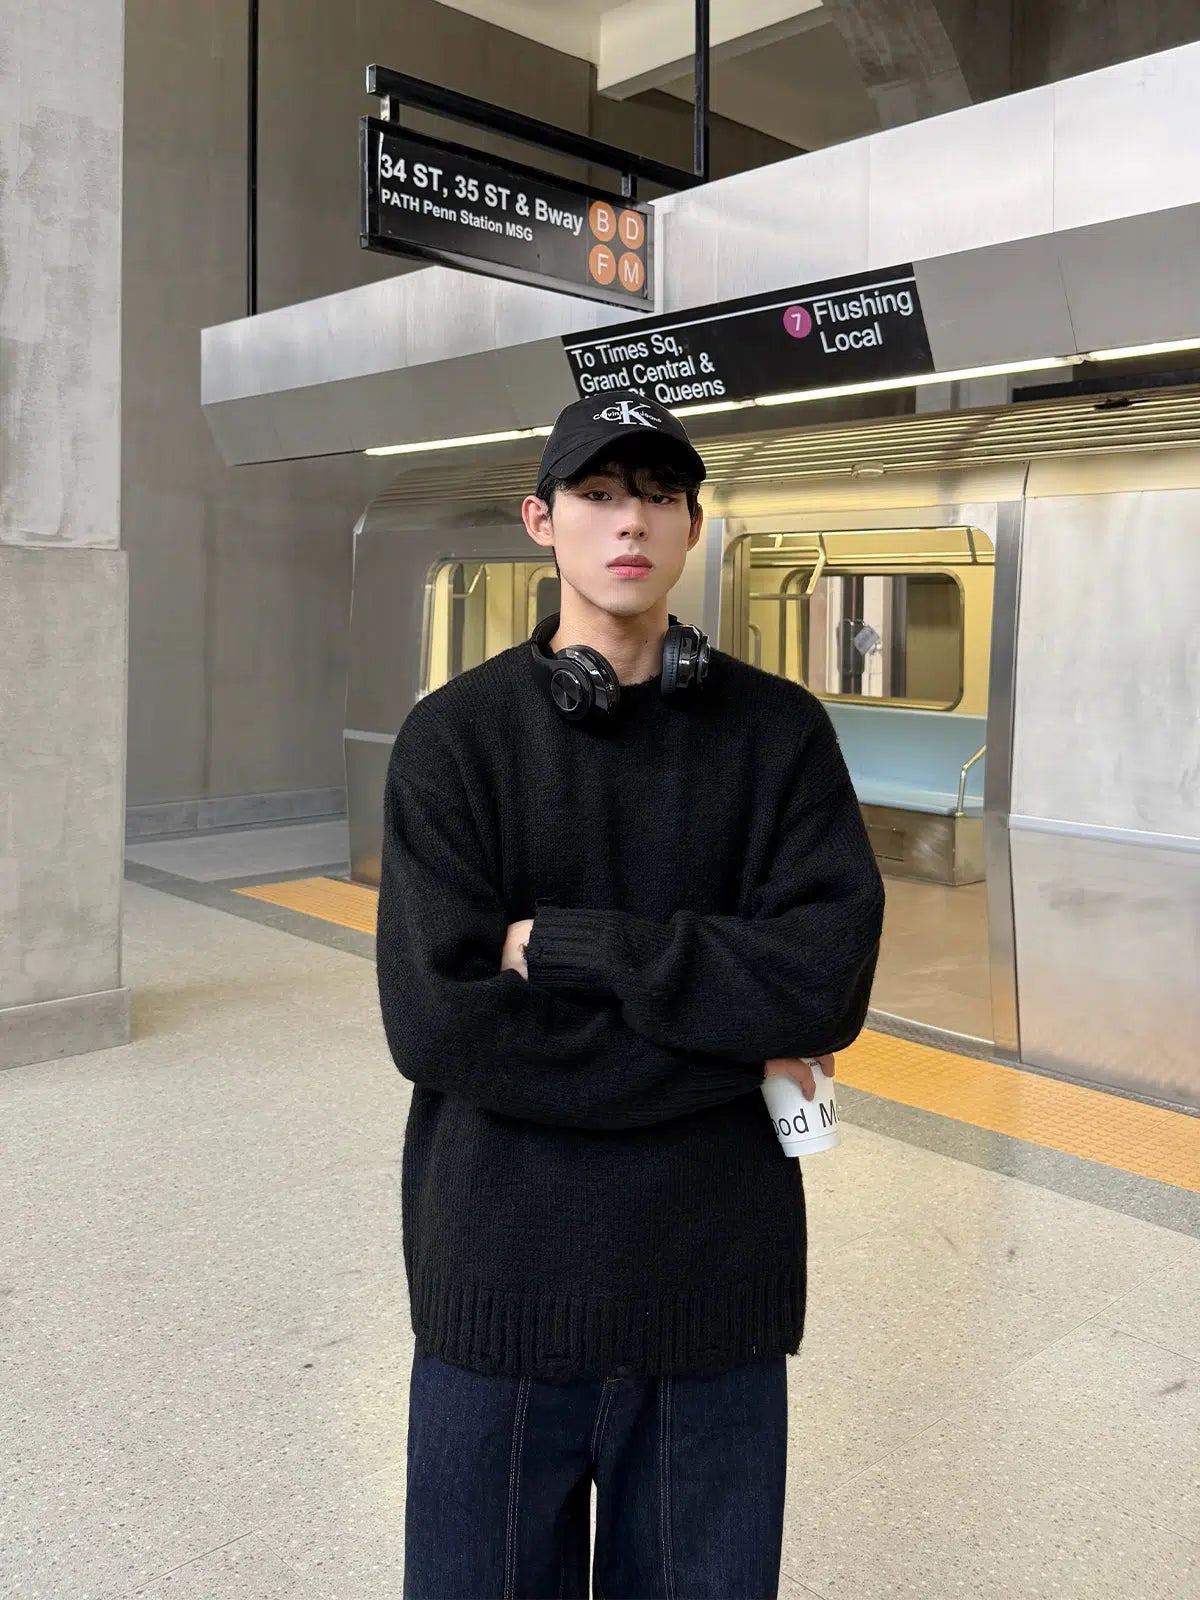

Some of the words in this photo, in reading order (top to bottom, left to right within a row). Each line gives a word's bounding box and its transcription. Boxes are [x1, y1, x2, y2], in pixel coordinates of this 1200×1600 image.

[380, 154, 408, 182] 34
[412, 163, 449, 198] ST,
[454, 175, 480, 202] 35
[484, 183, 511, 210] ST
[515, 193, 530, 217] &
[535, 198, 583, 236] Bway
[381, 189, 420, 212] PATH
[423, 199, 457, 222] Penn
[460, 209, 503, 234] Station
[505, 222, 533, 241] MSG
[596, 209, 610, 233] B
[626, 217, 639, 241] D
[597, 252, 609, 276] F
[622, 260, 640, 284] M
[791, 312, 801, 332] 7
[812, 290, 914, 325] Flushing
[570, 349, 595, 369] To
[595, 341, 649, 365] Times
[650, 333, 684, 357] Sq,
[819, 321, 884, 354] Local
[579, 367, 631, 393] Grand
[632, 355, 697, 384] Central
[698, 352, 716, 374] &
[654, 379, 727, 404] Queens
[819, 1099, 840, 1128] M
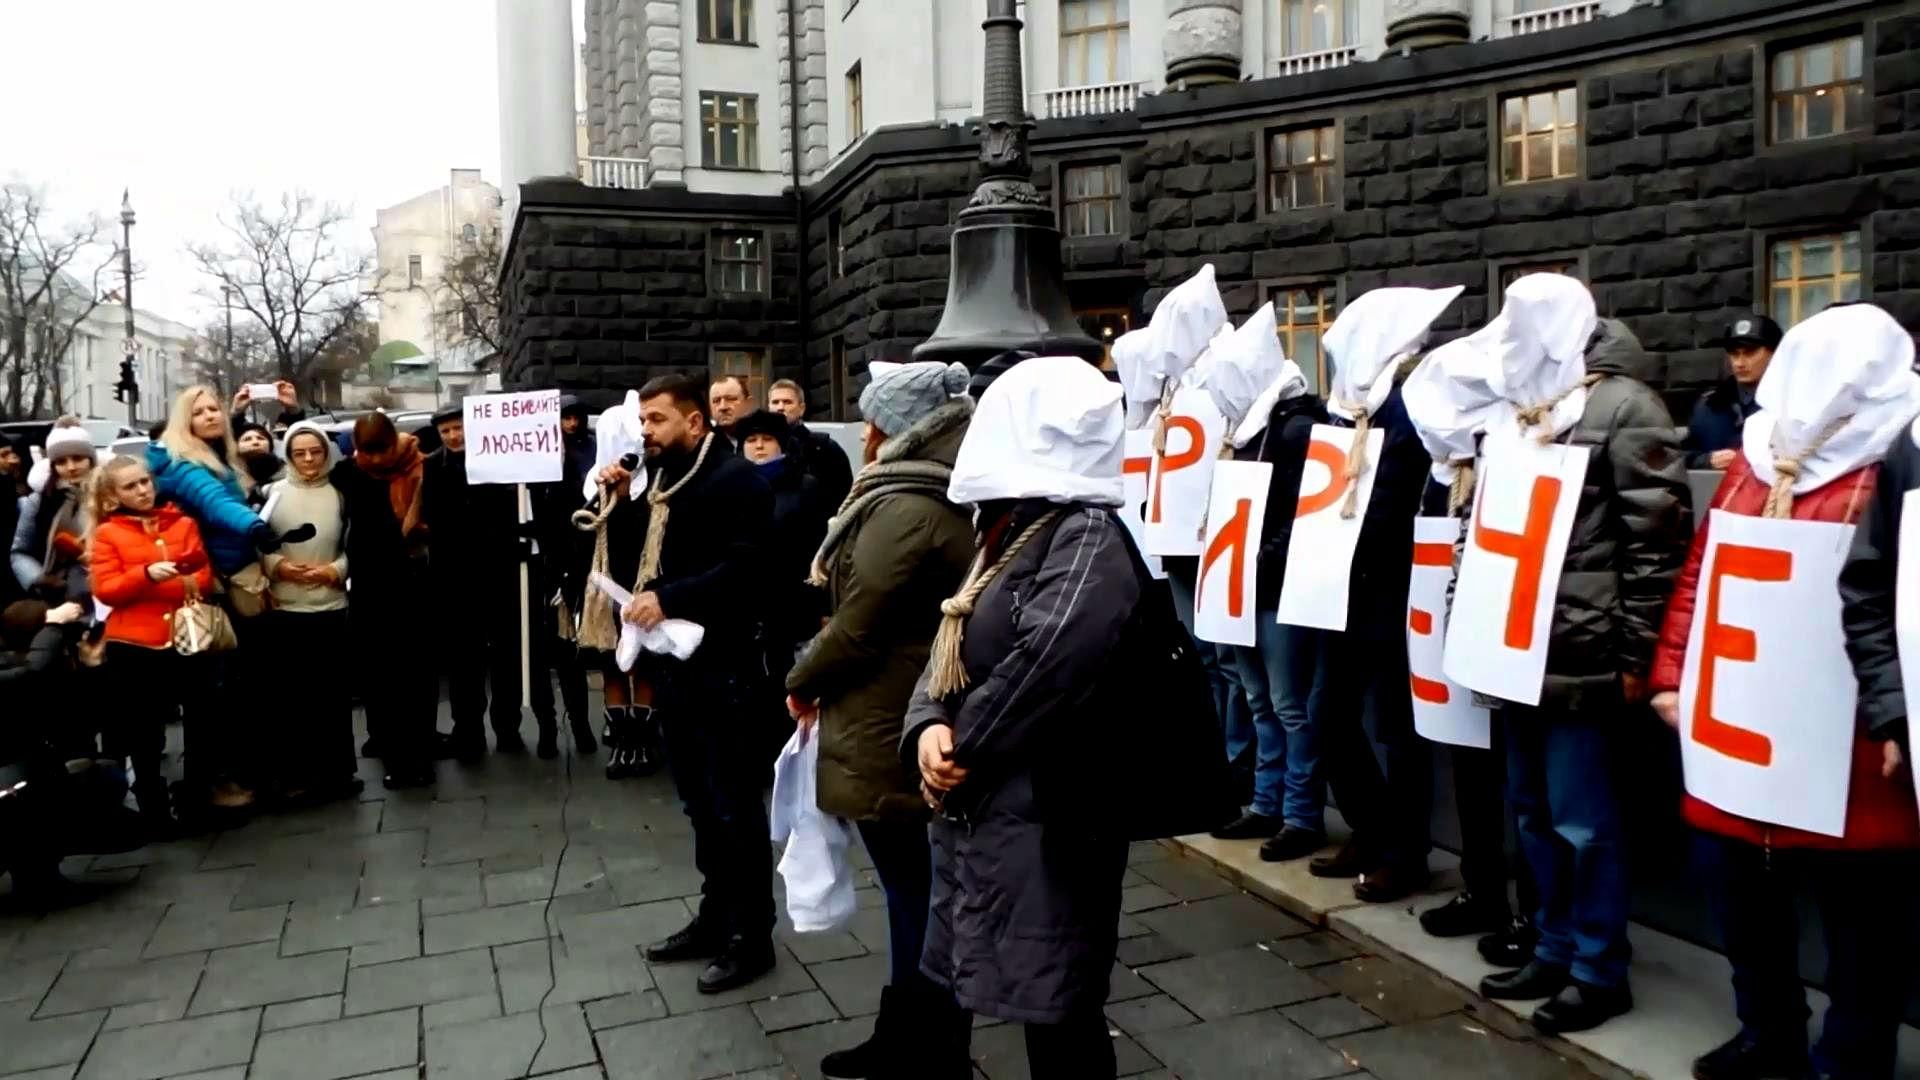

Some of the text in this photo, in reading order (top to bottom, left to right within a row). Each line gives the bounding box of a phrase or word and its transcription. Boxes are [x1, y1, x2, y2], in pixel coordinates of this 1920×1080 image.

::::::::::

## Task details
The expected answer is the data retyped exactly, without pictures.

## Written response
Some of the words in this photo, in reading order (top to bottom, left to right within a row). Each line gives a word's bounding box and its transcription. Boxes are [x1, y1, x2, y2], in pixel coordinates of this 1200×1600 image.

[380, 154, 408, 182] 34
[412, 163, 449, 198] ST,
[454, 175, 480, 202] 35
[484, 183, 511, 210] ST
[515, 193, 530, 217] &
[535, 198, 583, 236] Bway
[381, 189, 420, 212] PATH
[423, 199, 457, 222] Penn
[460, 209, 503, 234] Station
[505, 222, 533, 241] MSG
[596, 209, 610, 233] B
[626, 217, 639, 241] D
[597, 252, 609, 276] F
[622, 260, 640, 284] M
[791, 312, 801, 332] 7
[812, 290, 914, 325] Flushing
[570, 349, 595, 369] To
[595, 341, 649, 365] Times
[650, 333, 684, 357] Sq,
[819, 321, 884, 354] Local
[579, 367, 631, 393] Grand
[632, 355, 697, 384] Central
[698, 352, 716, 374] &
[654, 379, 727, 404] Queens
[819, 1099, 840, 1128] M

Some of the text in this photo, in reading order (top to bottom, left to right within a row). Each line gives the bounding box of a phrase or word and its transcription. Boxes are [x1, y1, x2, y2], in pixel coordinates of this 1920×1080 image.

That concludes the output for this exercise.